The guidance isn’t legally binding but employment tribunals are likely to rely on it as a key source when deciding if an employer has met the new legal duty.
What does the guidance say?
These are the key points from the final guidance:
- The new preventative duty is an anticipatory duty. Employers should not wait until sexual harassment happens before acting.
- The duty is designed to transform workplace cultures by requiring employers to take positive and proactive reasonable steps to prevent sexual harassment of their workers. The reference to culture change is new and emphasises how seriously the EHRC expects employers to take this change in law.
- The duty to take reasonable steps to prevent sexual harassment covers harassment from customers, clients and other third parties. In the draft guidance, the EHRC made clear that they would be prepared to take enforcement action against companies that overlooked the risks of third-party harassment. This clarified the reach of the new preventative duty. Employers are not generally legally liable if third parties harass their employees (although the government intends to change this) but the EHRC are sticking to their guns in insisting that the new preventative duty nonetheless extends to third parties. The guidance acknowledges, however, that a worker cannot bring a stand-alone claim against their employer for third party harassment.

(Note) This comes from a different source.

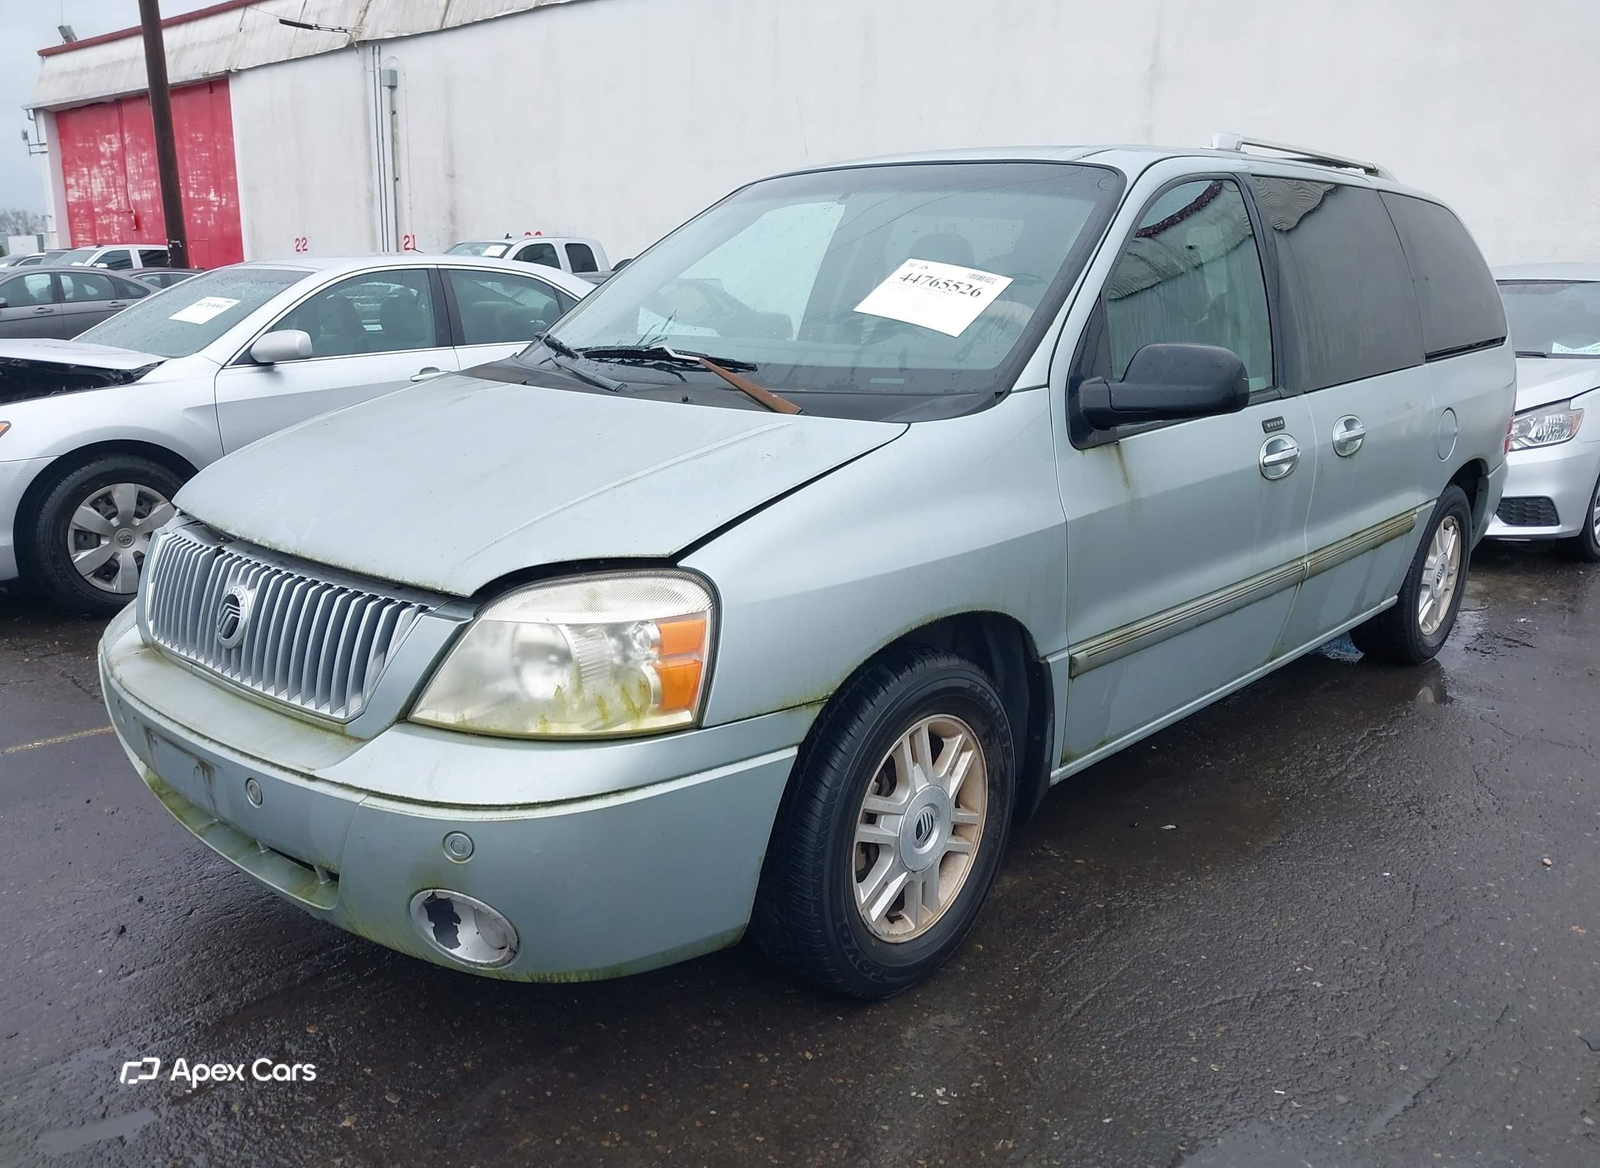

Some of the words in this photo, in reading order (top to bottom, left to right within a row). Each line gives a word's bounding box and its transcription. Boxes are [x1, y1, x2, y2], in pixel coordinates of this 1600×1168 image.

[294, 237, 308, 252] 22
[403, 234, 416, 251] 21
[899, 272, 982, 298] 44765526

- Employers will be expected to carry out risk assessments. In the final guidance, the EHRC has firmed up its stance on this issue, now saying that “an employer is unlikely to be able to comply with the preventative duty unless they carry out a risk assessment.” The EHRC has also given more examples of factors that may increase the risk of sexual harassment, including work-related travel, socialising, the existence of zero-hours contracts and – interestingly – working from home.
- The guidance emphasises that all employers must take action and no employer is exempt from the sexual harassment preventative duty.

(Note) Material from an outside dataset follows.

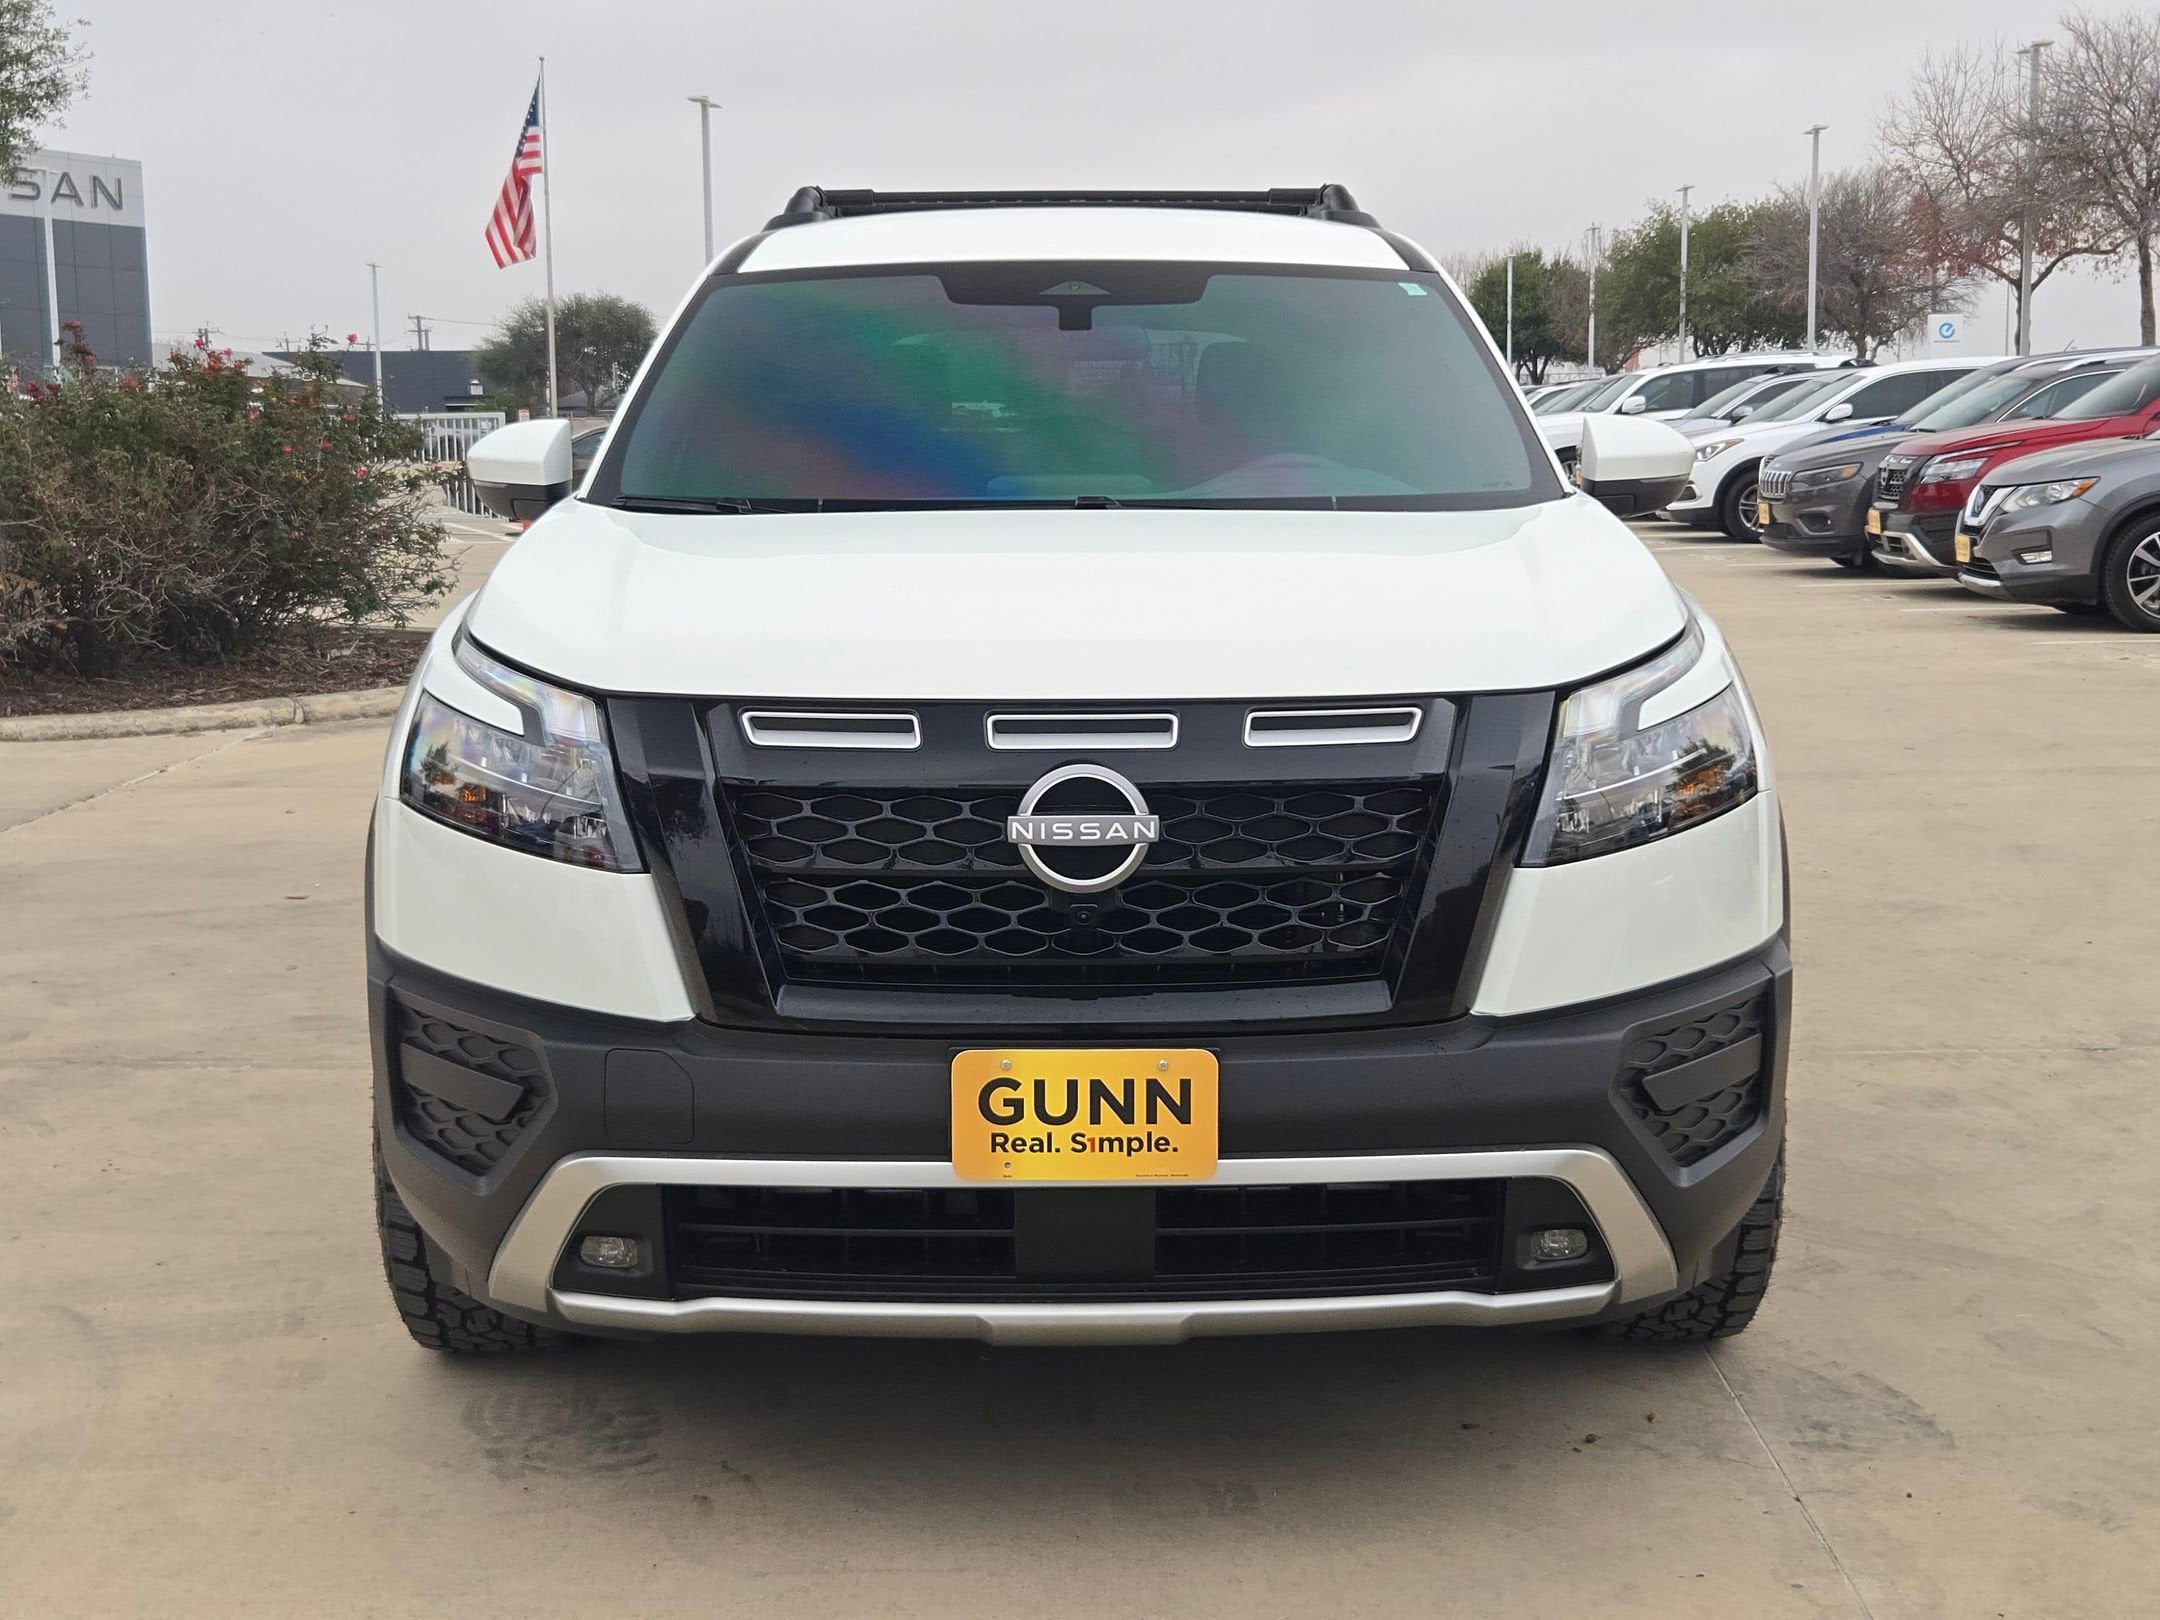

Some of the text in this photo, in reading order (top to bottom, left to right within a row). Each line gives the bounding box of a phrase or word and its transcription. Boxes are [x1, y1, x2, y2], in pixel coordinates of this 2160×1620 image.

[1011, 821, 1155, 840] NISSAN
[978, 1077, 1192, 1126] GUNN
[991, 1132, 1061, 1153] Real.

- In deciding whether a step is reasonable to take, employers should consider various factors, including the time, cost and potential disruption of taking a particular step, weighed against the benefit it could achieve, whether concerns about sexual harassment have been raised, compliance with any standards set by regulators (for example, the Financial Conduct Authority) and whether steps already taken appear to have been effective.

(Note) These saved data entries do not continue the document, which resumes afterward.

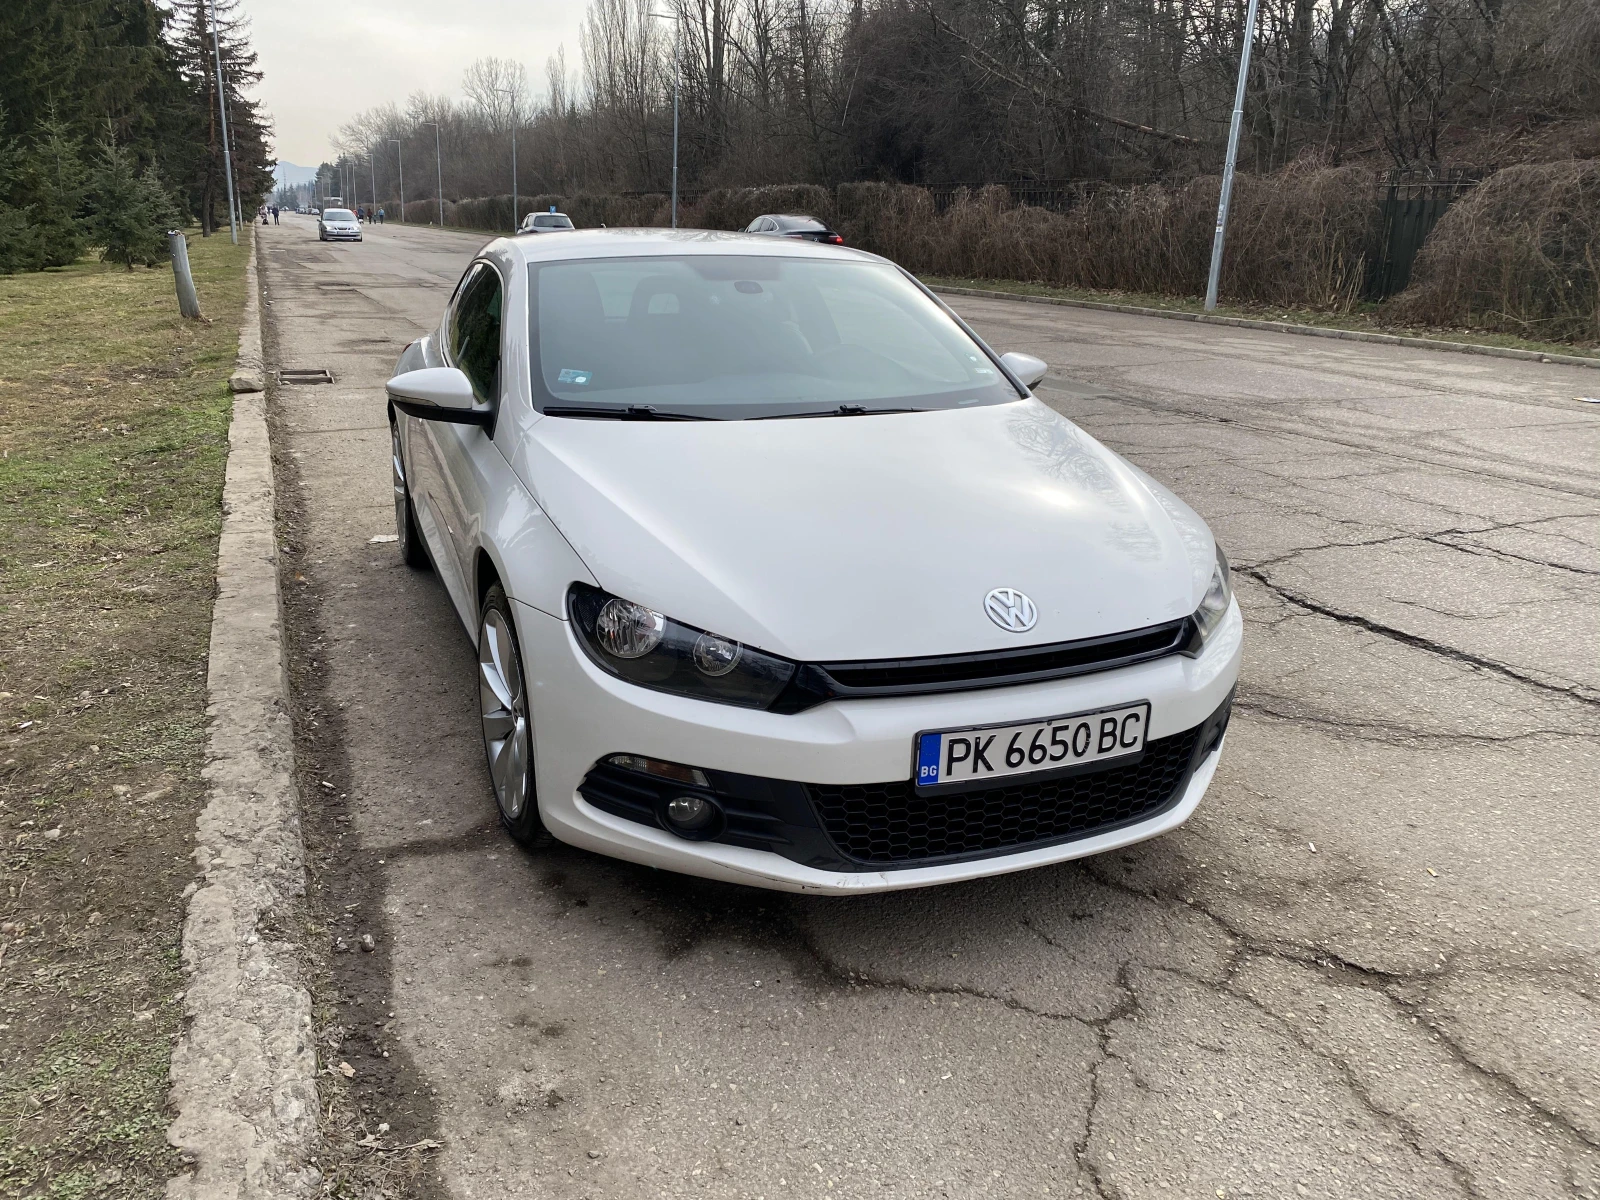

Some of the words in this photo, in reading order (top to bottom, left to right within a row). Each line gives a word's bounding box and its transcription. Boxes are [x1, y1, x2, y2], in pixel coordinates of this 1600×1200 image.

[985, 588, 1034, 630] VW
[947, 734, 996, 775] PK
[1005, 722, 1091, 768] 6650
[1097, 713, 1140, 754] BC
[920, 766, 937, 778] BG

- The guidance says that, if sexual harassment happens again after steps have been taken, this may indicate that additional or alternative action should be considered – suggesting that employers will be expected to act on lessons learned from any complaint that is upheld (whether by introducing new measures or reminding employees of existing ones).
What does taking reasonable steps to prevent harassment mean in practice?
The guidance now includes two more examples of what compliance might look like, expanding on the earlier draft which focused more on what non-compliance looks like.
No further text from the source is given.